The bright yellow cotton bales that decorate Hooloovale are a much welcomed change for Dirranbandi producer Billy Carson.
It has been seven years of severe drought since he last planted the crop, and the last 12 months of rain have made a world of difference.
The family operation dry planted 460hectares of Bolgard III in October, before watering up the profile. The last of their crop was trucked to the gin last week.
Mr Carson said the contrast from last year couldn’t be more stark.
“Having the green grass and water in the dams; words can’t describe it,” he said.
“The yield has been perfect, everything has been perfect. You couldn’t ask for a better summer to grow cotton, it wasn’t too hot and it wasn’t too wet, the cotton fired out of the ground like you wouldn’t believe.”
You couldn’t ask for a better summer to grow cotton, it wasn’t too hot and it wasn’t too wet, the cotton fired out of the ground like you wouldn’t believe.
Mr Carson said the burst of crop meant a little more work for defoliation.
“Because the energy was so strong in the ground and the crop came up so quick we had three defoliations, which is similar to most people in the region,” he said.
Alongside the season being “perfect”, Mr Carson said the latest in seed technology made a big difference.

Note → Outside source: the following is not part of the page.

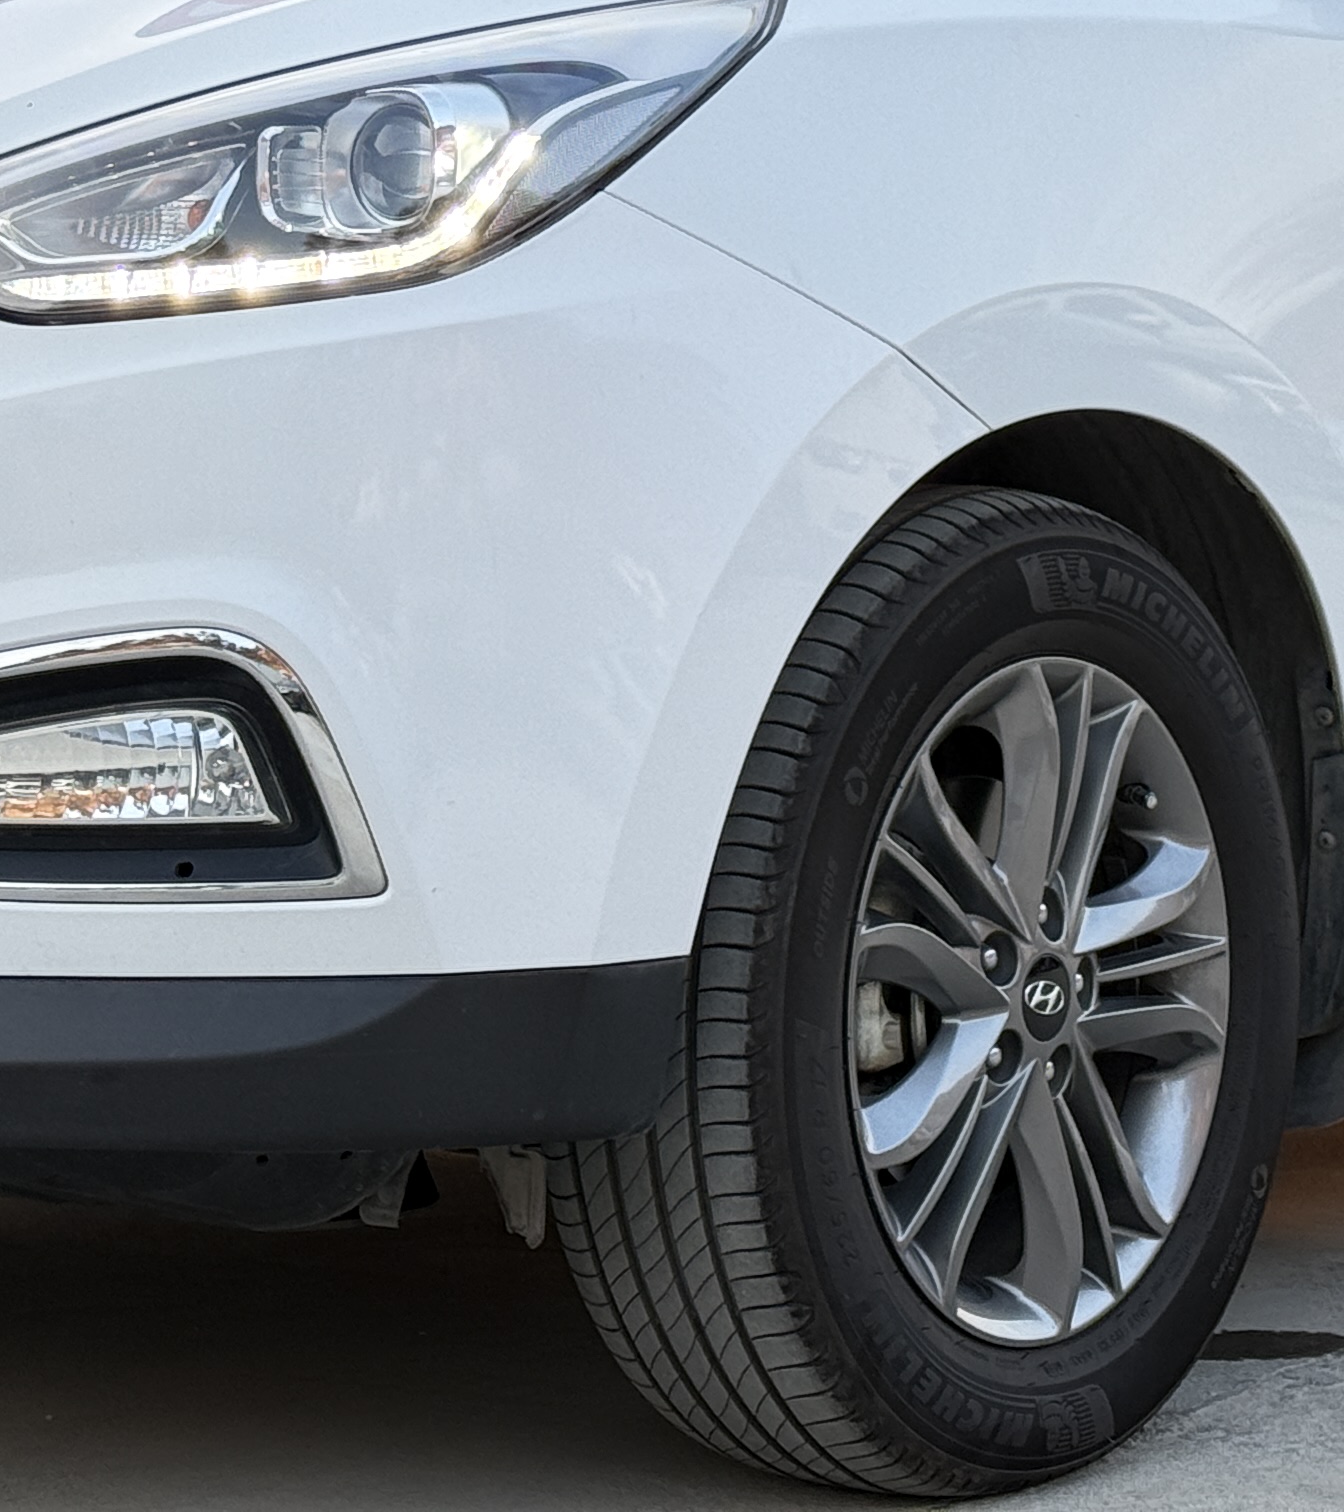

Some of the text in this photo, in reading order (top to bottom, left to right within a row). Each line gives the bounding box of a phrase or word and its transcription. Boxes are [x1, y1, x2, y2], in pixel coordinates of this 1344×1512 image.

“It’s been a long time since I’ve gown cotton, and you can see how much the technology has improved,” he said.
“Bolgard III makes growing a lot easier and a whole lot less stressful.”
Preparing for the future
Mr Carson said that the a review by the Queensland Rural and Industry Development Authority’s (QRIDA) Farm Business Analysis Assistance (FBAA) program validated how he was managing his family farming enterprise which helped him take advantage of the rain.
“We accessed the report in 2019 to get an external point of view on our business,” he said
“It was still dry and we had been trying every alternative we could think of. We were going down the right paths and everything we were doing was right, it just hadn’t rained.
Mr Carson said most importantly the report strengthened the relationship with his lender.
“The report helped strengthen our relationship with the bank and showed we were actively trying to improve our position given the circumstances were so dire,” he said.
“QRIDA’s Farm Business Analysis Assistance has given us an overall assessment for our business which has helped us get through the drought and have comfort, both for ourselves and our lender.”
Mr Carson said it was especially important to prepare for the future when conditions were favourable and put a plan in place for when circumstances changed.
“It’s good just to get a check on your business especially if you’re in a drought,” he said.
“It could provide some options to set yourself up for when it gets dry again. Even if you take one thing out of the report it can be beneficial to you. To do it now is the perfect opportunity to have a look at a business when it’s good and you have more ability to change up your business strategy.
“It was no cost to us, gave external view of our business and we were able to select a provider who had a good name in ag the industry.
“The report gave us comfort in where our business was heading.”
QRIDA Farm Debt Restructure Office Manager Daniel Elder said while the FBAA report was a short process, it gave producers long-term options.
“It was great to see the report not only validated the client but in the long term they were also vindicated by their ability to achieve the results that had been forecast,” Mr Elder said.
“We recommend producers get in touch with now rather than wait until circumstances change when there may be fewer solutions on the table.”